The UK National Association of Pension Funds (NAPF) has given its support to proposals for electronic voting for all shareholders, which it said could act as an important spur to the reform of the voting system in the UK. In in its response to a UK consultation on the European Commission’s Shareholders’ Rights Directive, the NAPF said it also supported requirement (subject to certain conditions) for the asking and answering of questions at company meetings of traded companies.CalPERS has hired Anne Simpson, executive director of the International Corporate Governance Network as senior portfolio manager for corporate governance to replace Dennis Johnson, who left last June. Johnson left Calpers to become managing director of Shamrock Activist Value Fund. Simpson will oversee CalPERS’ focus list program, which involves monitoring portfolio companies’ performance related to finance, corporate governance practises and strategic issues. Simpson will also help Calpers respond to ongoing market reform issues before US policymakers and regulators.

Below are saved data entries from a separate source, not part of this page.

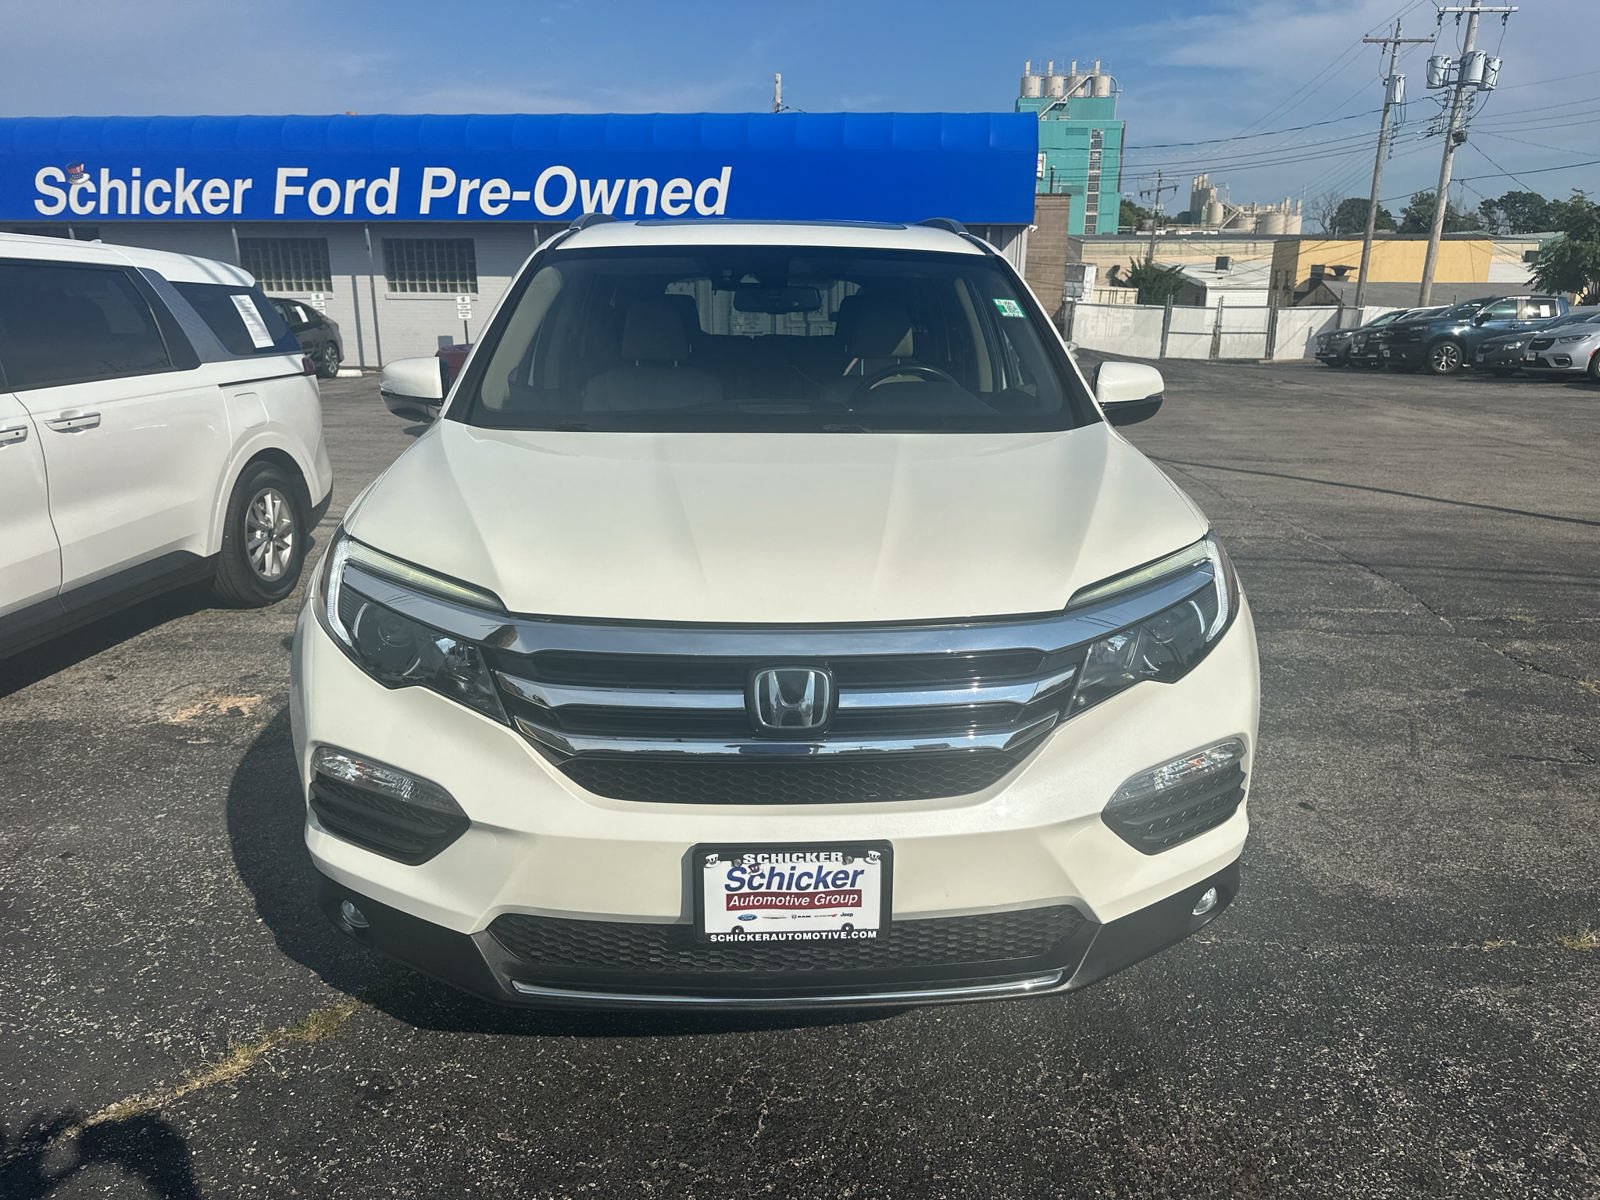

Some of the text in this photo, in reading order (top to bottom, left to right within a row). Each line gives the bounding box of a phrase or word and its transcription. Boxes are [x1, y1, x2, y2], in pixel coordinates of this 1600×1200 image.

[34, 165, 732, 216] Schicker Ford Pre-Owned
[742, 852, 844, 865] SCHICKER
[724, 865, 865, 893] Schicker
[729, 893, 858, 908] Automotive Group
[710, 931, 877, 942] SCHICKERAUTOMOTIVE.COM
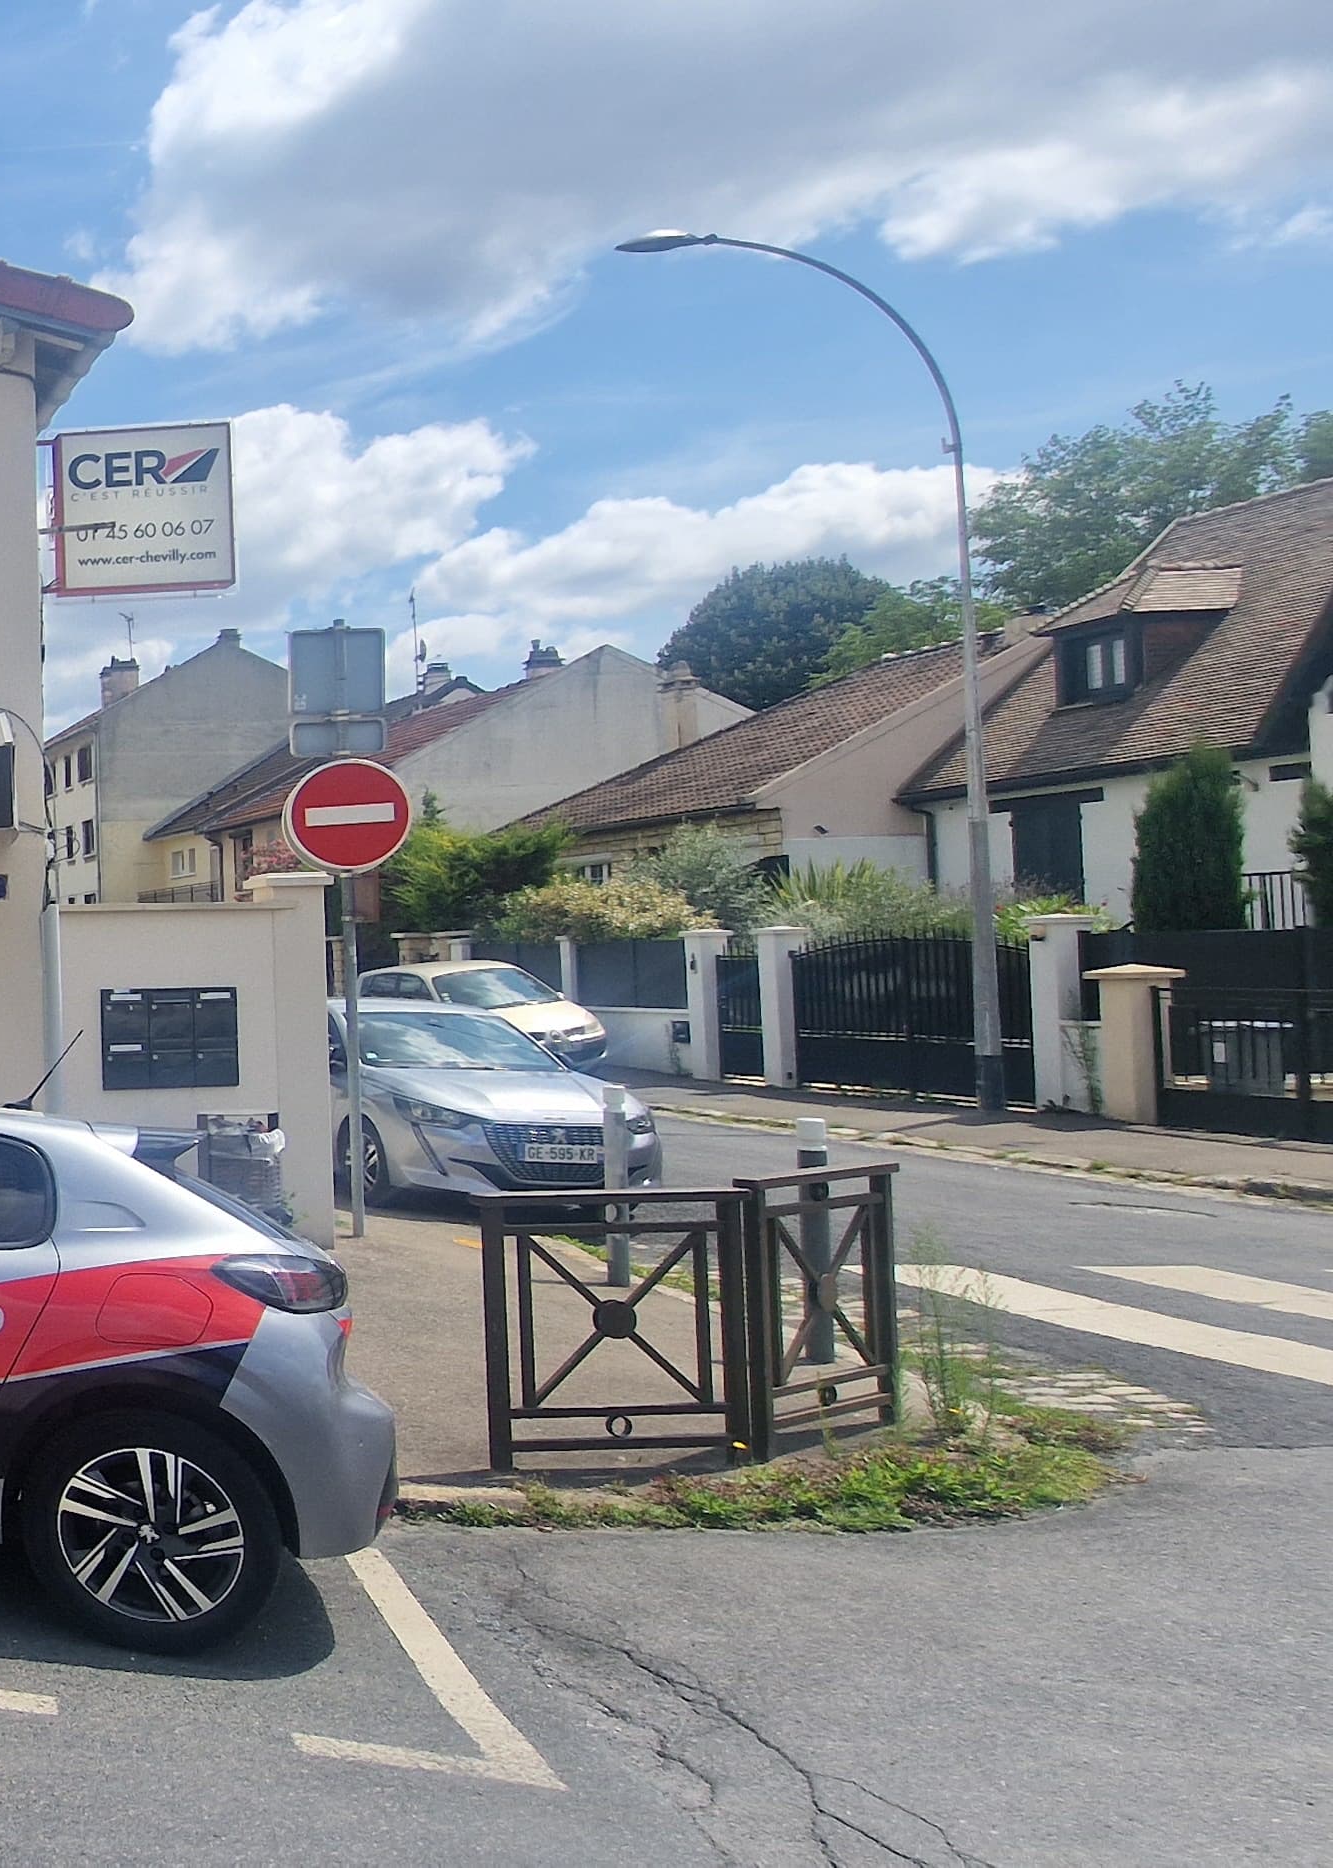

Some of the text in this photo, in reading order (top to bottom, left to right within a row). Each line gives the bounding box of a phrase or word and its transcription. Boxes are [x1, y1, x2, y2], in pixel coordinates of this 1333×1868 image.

[68, 450, 167, 490] CER
[71, 490, 121, 502] C'EST
[105, 524, 128, 540] 45
[133, 522, 156, 539] 60
[161, 521, 185, 537] 06
[191, 519, 215, 535] 07
[78, 548, 216, 567] www.cer-chevilly.com

50 US and overseas leaders in the fields of socially responsible investing, international relief, development, human rights, environmental stewardship and faith based investing are calling on the Obama administration to create an office for innovation in corporate social responsibility (CSR). Major signers of the letter included Oxfam America, Ceres, ICCR (Interfaith Center on Corporate Responsibility), Green America, and mutual fund companies PAX, Domini and Calvert Group. Non-US signers included the European Sustainable Investment Forum (Eurosif) and the Canadian Social Investment Organization.